Histopathology. 2020 Nov 9. doi: 10.1111/his.14300. Online ahead of print.
AIMS: Plasmablastic lymphoma (PBL) is a rare aggressive B-cell lymphoma frequently arising at extranodal sites in the setting of immunosuppression. The diagnosis of PBL is complex, owing to a frequent solid or cohesive growth pattern and often unusual immunophenotype. Several case reports have described the expression of cytokeratins (CK) in PBL introducing a diagnostic pitfall. In the largest series available to date, our goal was to determine the frequency of CK reactivity in PBL.
METHODS AND RESULTS: Using immunohistochemistry in a cohort of 72 PBL, we identified reactivity for CK8/18 in 11/72 cases (15%) and AE1/3 in 6/65 cases (9%), clearly contrasting with a control series of non-PBL aggressive B-cell lymphomas (1/96 diffuse large B-cell lymphomas), as well as with data in the literature describing only occasional CK expression in hematological neoplasms.

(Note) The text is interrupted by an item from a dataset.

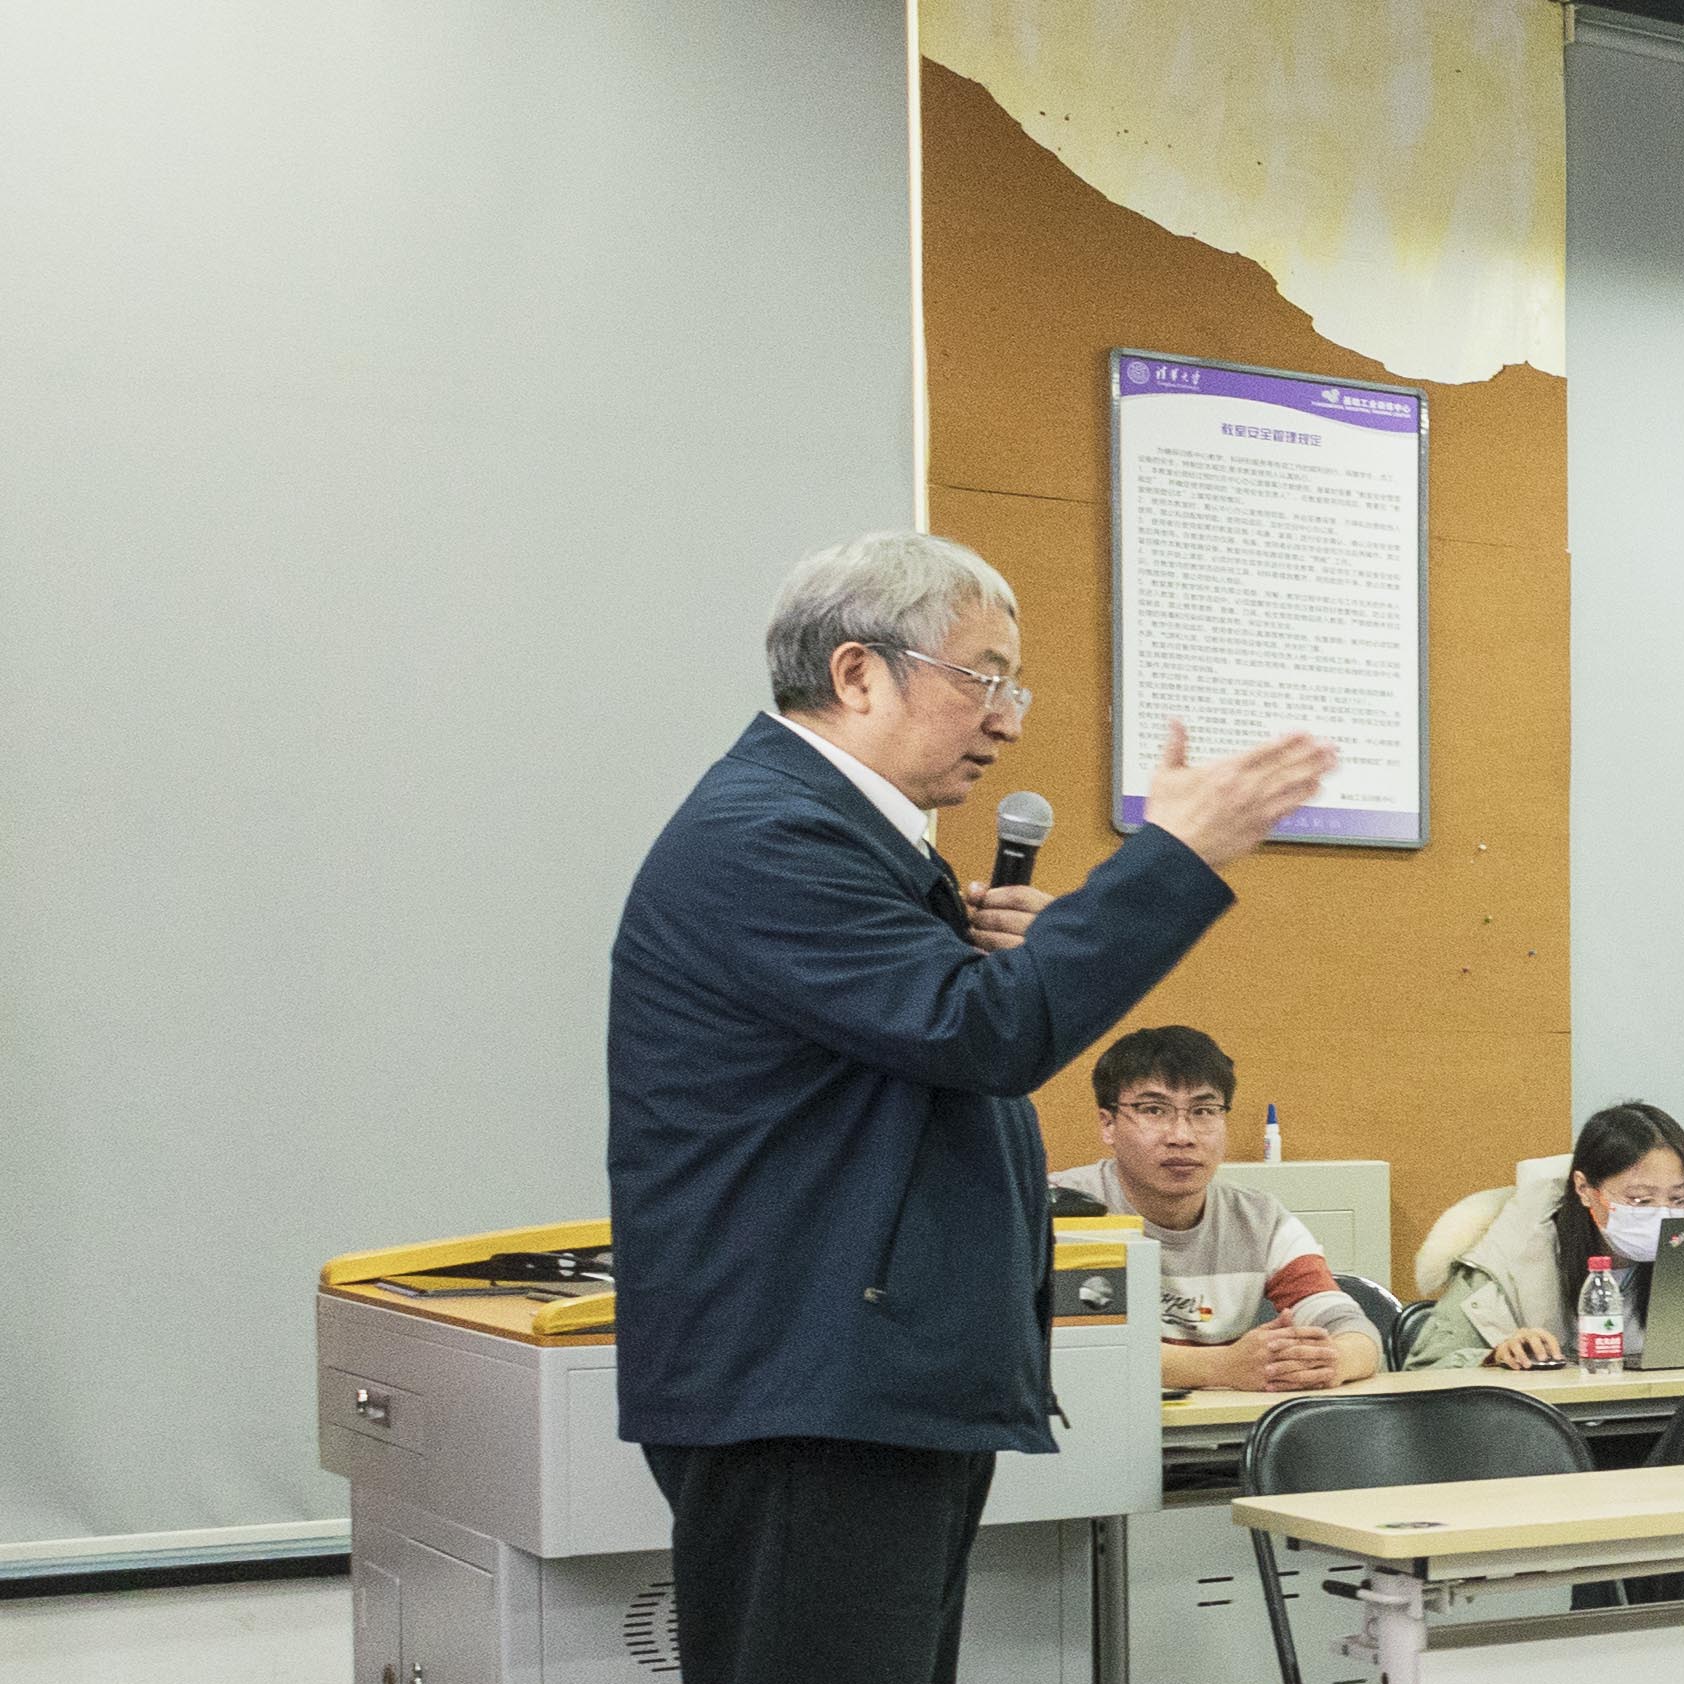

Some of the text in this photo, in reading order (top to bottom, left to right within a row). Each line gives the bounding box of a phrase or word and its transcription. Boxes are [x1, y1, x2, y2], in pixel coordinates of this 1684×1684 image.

[1221, 422, 1322, 447] 教室安全管理规定

CONCLUSIONS: Our data indicate reactivity for CK in a substantial number (15%) of PBL. In view of its particular morphological features and frequent negativity for the common leukocyte antigen and B-cell markers, this feature represents a pitfall in the routine diagnostic work-up of PBL and requires more extensive immunohistochemical and molecular characterization of cases entering the differential diagnosis.